La discusión subió de tono rápidamente. Los dos hermanos se enfrentaron con palabras cargadas de resentimiento acumulado durante años. Camila observaba todo en silencio, disfrutando internamente. Esto era mucho mejor de lo que había planeado en su venganza.

En ese preciso momento, Amanda entró al salón con paso firme y elegante.

—¿Qué está pasando aquí? —preguntó con voz cortante—. Se escucha la discusión desde el pasillo.

Tanto Sebastián como Rubén se quedaron en silencio absoluto. La tensión era tan densa que se podía cortar con un cuchillo.

Amanda miró a Camila con desconfianza evidente y luego a los dos hermanos.

—Entiendo… —murmuró con una sonrisa falsa y venenosa—. Siempre hay una mujer de por medio cuando pelean.

La cena terminó de forma incómoda y apresurada. Sebastián acompañó a Camila hasta la puerta, disculpándose en voz baja por el comportamiento de su hermano. Rubén, desde el fondo del salón, no dejaba de mirarla con interés.

Camila fingió marcharse, pero minutos después regresó a la mansión. Había “olvidado” su bolso en el salón, una excusa perfecta. Mientras caminaba por los pasillos poco iluminados, escuchó voces susurradas. Se escondió detrás de una columna y los vio.

Rubén tenía a Amanda acorralada contra la pared en un pasillo oscuro. La sujetaba por la cintura con posesión salvaje y la besaba con fuerza y pasión prohibida. Amanda correspondía el beso con la misma intensidad, aferrándose a su camisa y gimiendo suavemente contra sus labios.

—No es nada —susurró Rubén contra su boca—. Esa Camila solo es un capricho pasajero de Sebastián. Tú y yo seguimos teniendo nuestro trato. Nadie lo va a descubrir.

Amanda lo besó de nuevo, más agresiva.

—Más te vale —murmuró ella—. Si me traicionas…

Camila, oculta en las sombras, lo vio todo con los ojos muy abiertos. Una sonrisa lenta, fría y extremadamente peligrosa se dibujó en sus labios. Ahora tenía una ventaja enorme: conocía el secreto más oscuro de la familia. Rubén y Amanda eran amantes desde hacía tiempo.

Regresó a su auto en silencio, con el corazón latiendo de emoción y adrenalina. Su venganza acababa de volverse mucho más letal y poderosa. No solo iba a destruir a Sebastián. También iba a destruir a Amanda y a Rubén. Tenía todas las piezas del rompecabezas.

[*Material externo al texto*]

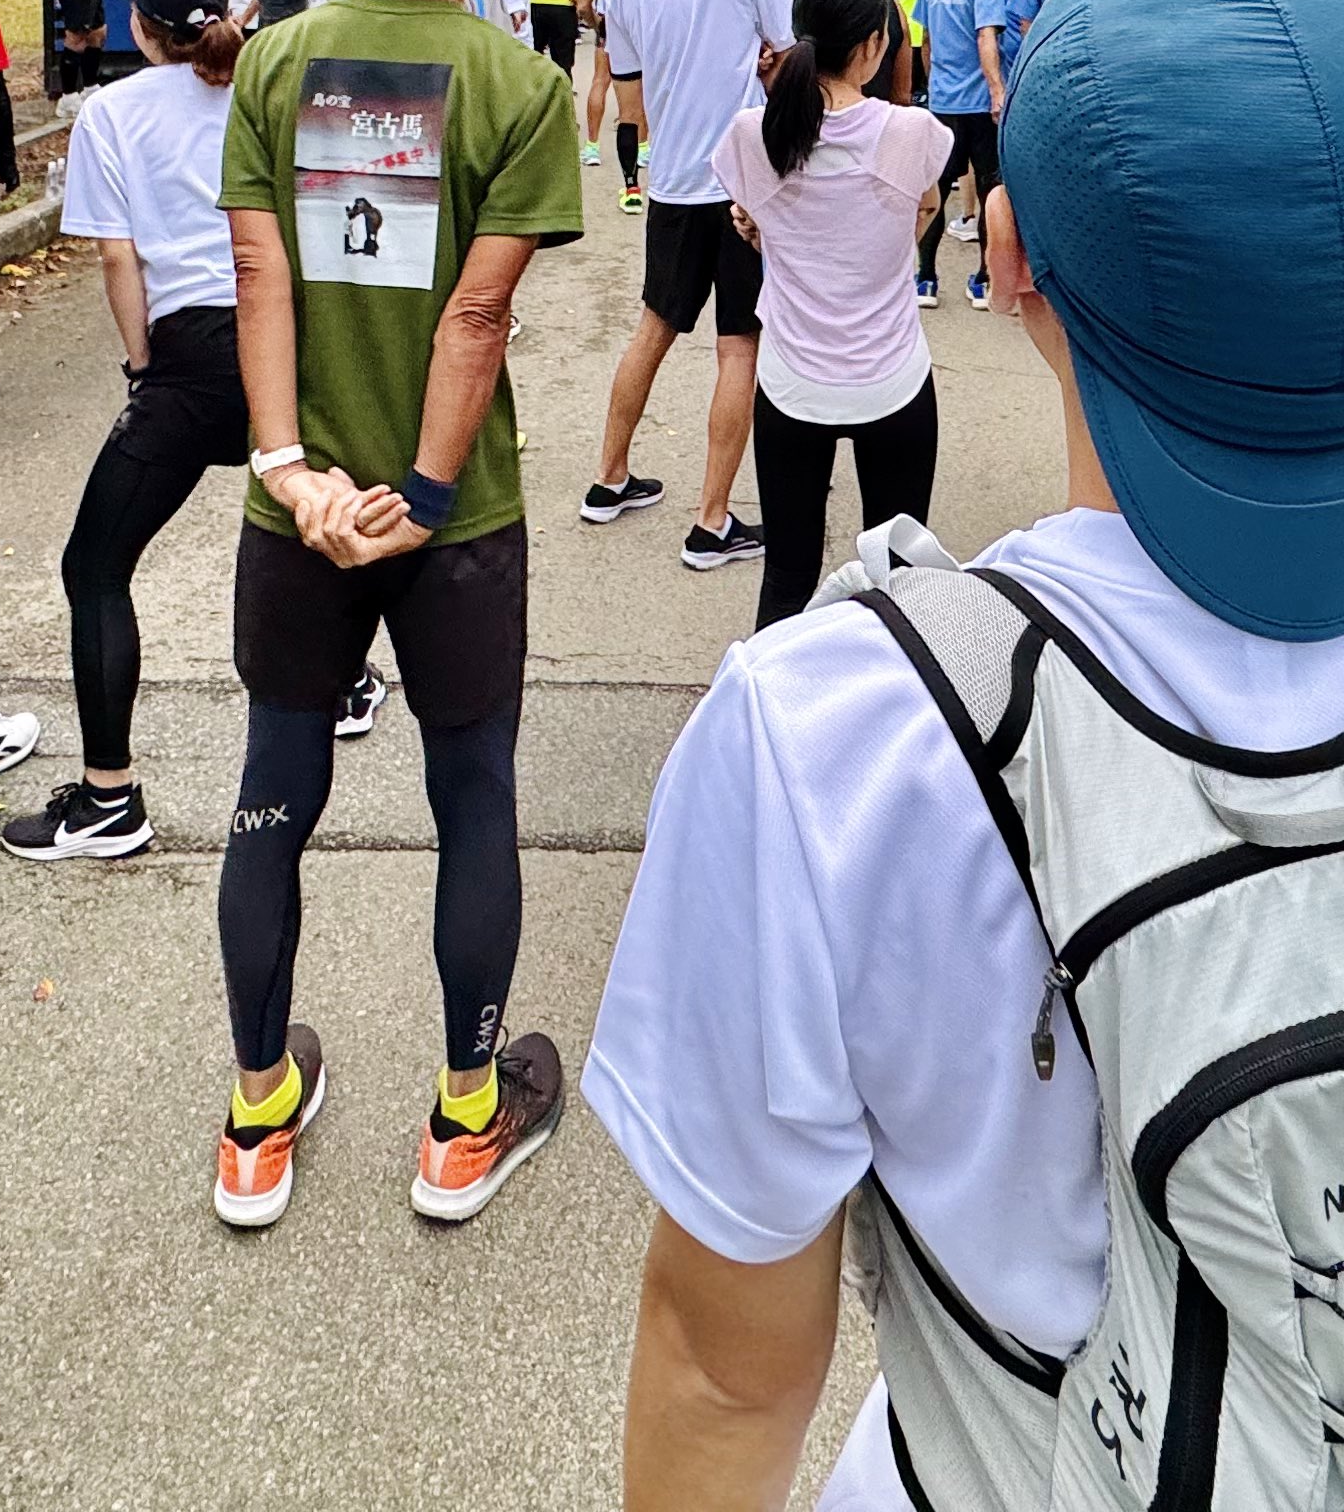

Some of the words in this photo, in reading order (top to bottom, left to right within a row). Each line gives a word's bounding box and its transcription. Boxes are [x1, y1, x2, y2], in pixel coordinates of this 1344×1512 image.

Esa noche, en la soledad de su apartamento, Camila se sirvió una copa de vino y se sentó frente a la ventana. Mirando la ciudad iluminada, se repitió una y otra vez su promesa de venganza:

—Ocho años de dolor. Ocho años de lágrimas y humillaciones. Juré que regresaría y ahora estoy aquí. Voy a hacer que paguen todo lo que me hicieron.

Pero lo que Camila aún no sabía era que Rubén, desde una de las ventanas de la mansión, la había visto salir… y una sonrisa oscura se dibujaba en su rostro.